Bt cotton gave higher yields per hectare than the other varieties. Adopters averaged 475 kg/ha in the first season, as compared with 457 kg/ha for non-adopters. In the second season, the adopters produced 425 kg/ha while the non-adopters slumped to only 304 kg/ha, which is a 40% yield advantage. Bt cotton gave higher yields per kg of seed in both seasons. Adopters averaged 50 kg of cotton per kg of seed in the first season, as compared with 37 kg for non-adopters. In the second season, the adopters produced 44 kg while the non-adopters only got 23 kg for each kg of seed. Bt cotton increased seed cost in both seasons.
Adopters spending averaged R197 per hectare in the first season, as compared with R119 for non-adopters. In the second season, the adopters spent R214 as compared with R127 for the non-adopters. This was offset by the fact that Bt cotton reduced chemical cost in both seasons. Adopters averaged R93 per hectare in the first season, as compared with R132 for non-adopters. In the second season, the adopters spent R83 as compared with R129 for the non-adopters. Higher yields increased output value, at the expense of increased seed cost, which were offset by lower chemical cost. The average gross margins (output value minus the cost of intermediate inputs) for Bt cotton was R781 in the first season as compared with R791 for the non-adopters. The second season revealed that the adopters gross margins averaged R677 as compared with R428 for the non-adopters, an advantage of 35%.
Both yields and gross margins are useful, but they are partial measures of efficiency, which fail to take account of major inputs such as labour. Thus, they are supplemented by efficiency frontiers, which consider the efficiency with which all inputs are converted into outputs, using only the more reliable input and output quantity data and avoiding prices, which are less well recorded or simply non-existent.
Both deterministic and stochastic frontiers were used, the first applying programming techniques and the second relying on econometric estimation. In either case, the results confirm the farm accounting results, showing that the Bt cotton adopters were considerably more efficient than those who used the non-Bt varieties.

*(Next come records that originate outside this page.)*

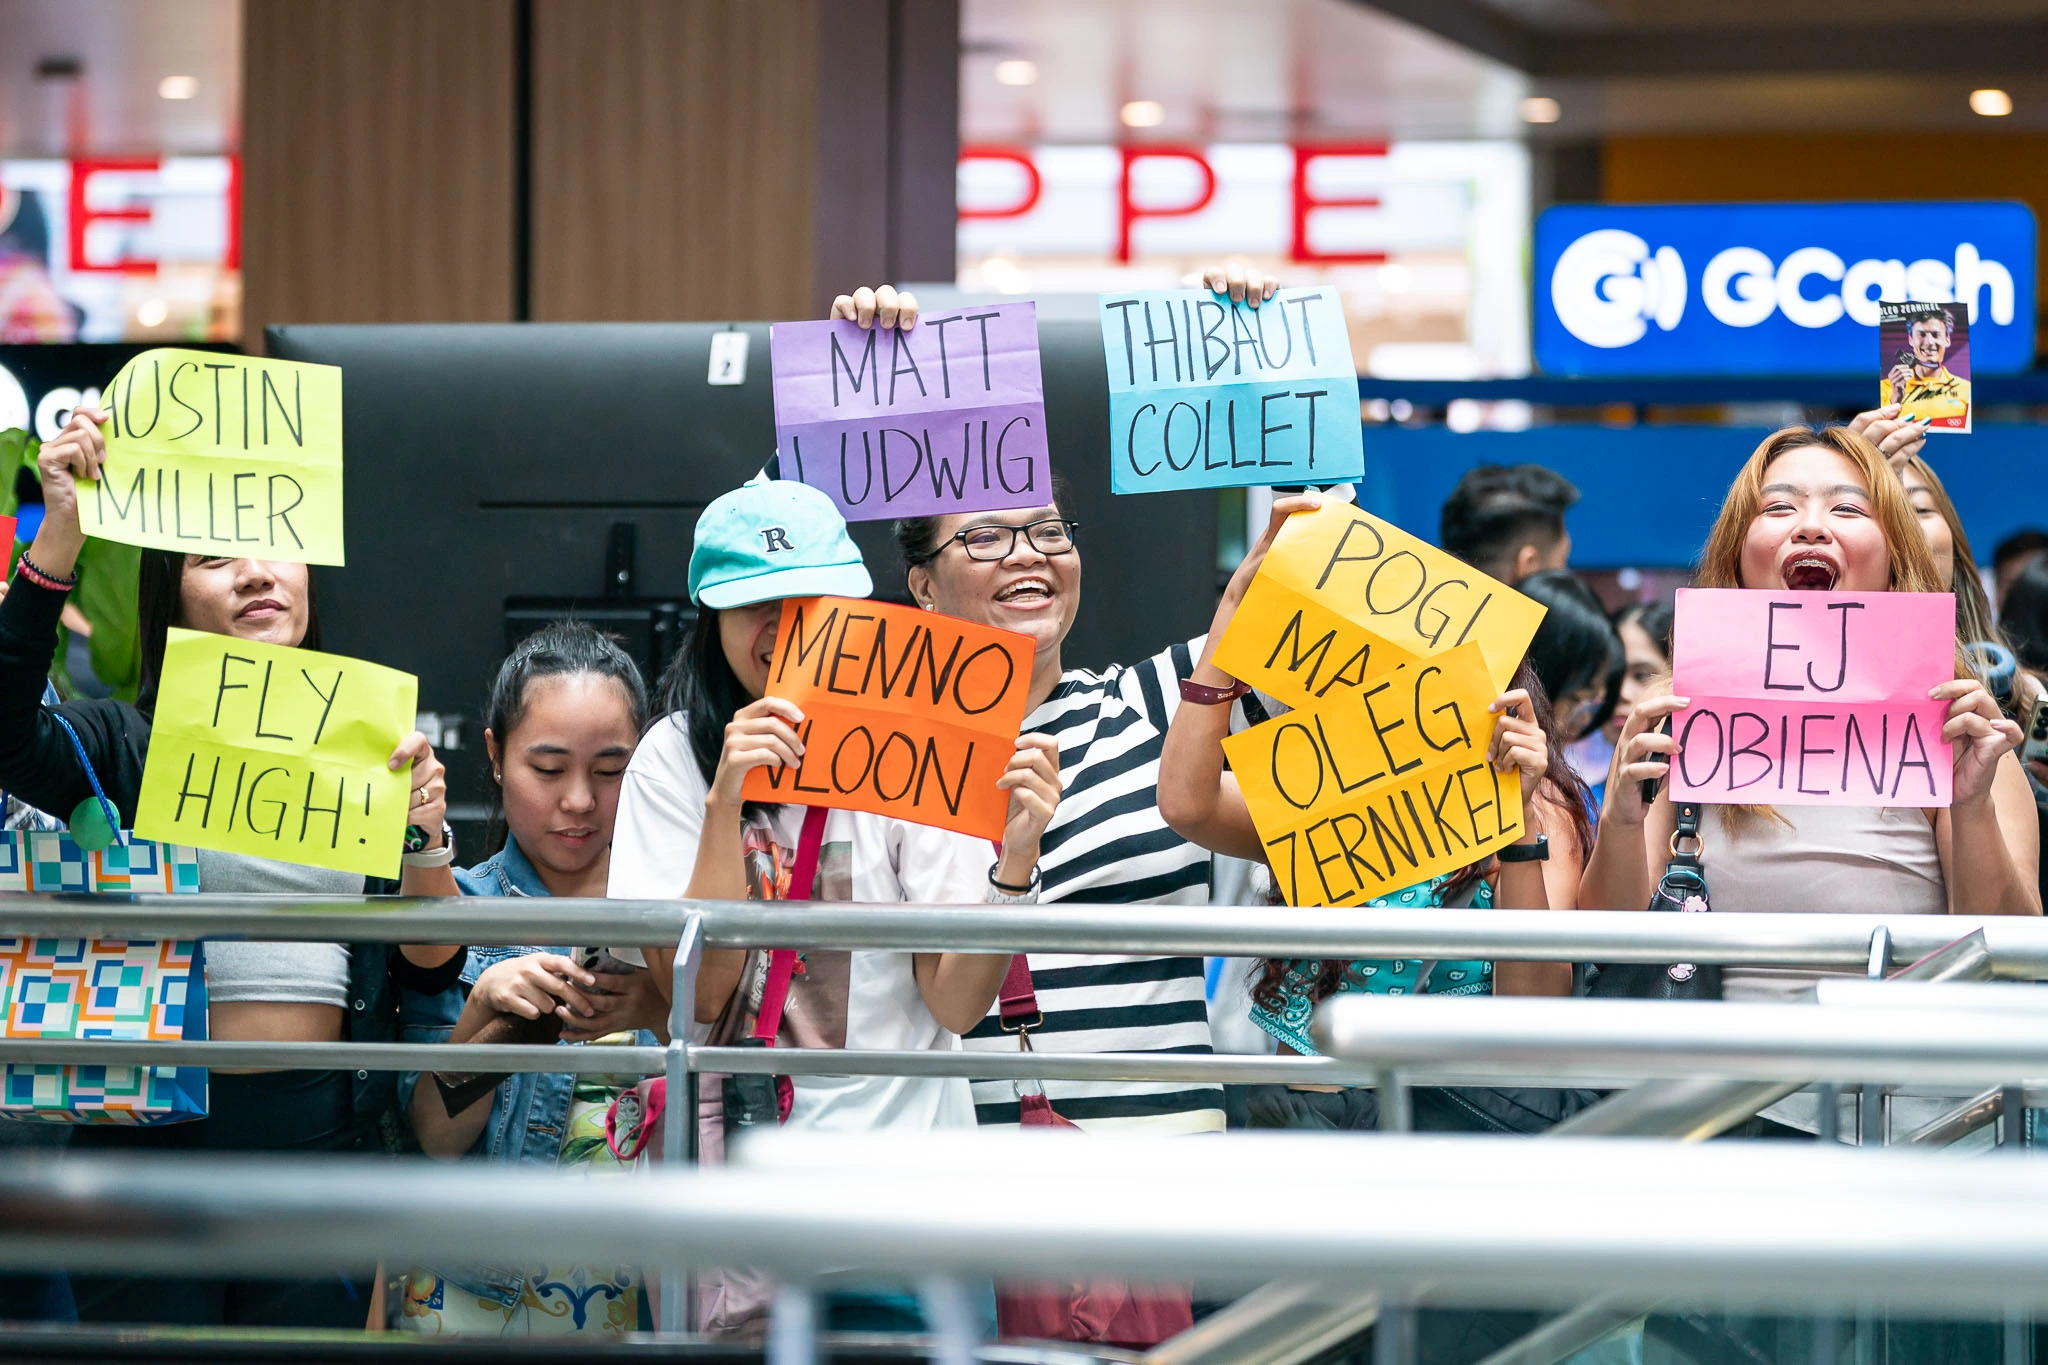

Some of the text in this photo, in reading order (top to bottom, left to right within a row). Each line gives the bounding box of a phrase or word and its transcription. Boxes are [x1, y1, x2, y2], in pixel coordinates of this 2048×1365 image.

[1702, 242, 2014, 328] GCash
[830, 312, 1001, 408] MATT
[1106, 294, 1323, 385] THIBAUT
[1128, 390, 1328, 477] COLLET
[96, 465, 304, 549] MILLER
[761, 527, 795, 553] R
[1316, 519, 1492, 648] POGI
[777, 606, 1014, 715] MENNO
[1264, 610, 1405, 697] MA
[1764, 602, 1865, 692] EJ
[212, 652, 343, 744] FLY
[1272, 666, 1471, 810] OLEG
[1678, 709, 1936, 798] OBIENA
[174, 753, 371, 849] HIGH!
[1267, 762, 1517, 907] ZERNIKEL

The programming approach showed that the adopters, average efficiency level was 62% in the first season, as compared with 45% for non-adopters, giving an advantage of 38%. In the second season the adopters were 66% efficient, while the non-adopters were 46% efficient, so the adopters advantage rose to 43%. The stochastic frontier approach showed that the adopters average efficiency level was 88% in the first season, as compared with 66% for non-adopters, giving an advantage of 33%. In the second season the adopters were 74% efficient, while the non-adopters were 48% efficient, so the adopters advantage rose to 54%.
Finally, there is no evidence that the better off farmers gained more than the less well off: indeed, income inequality was slightly reduced.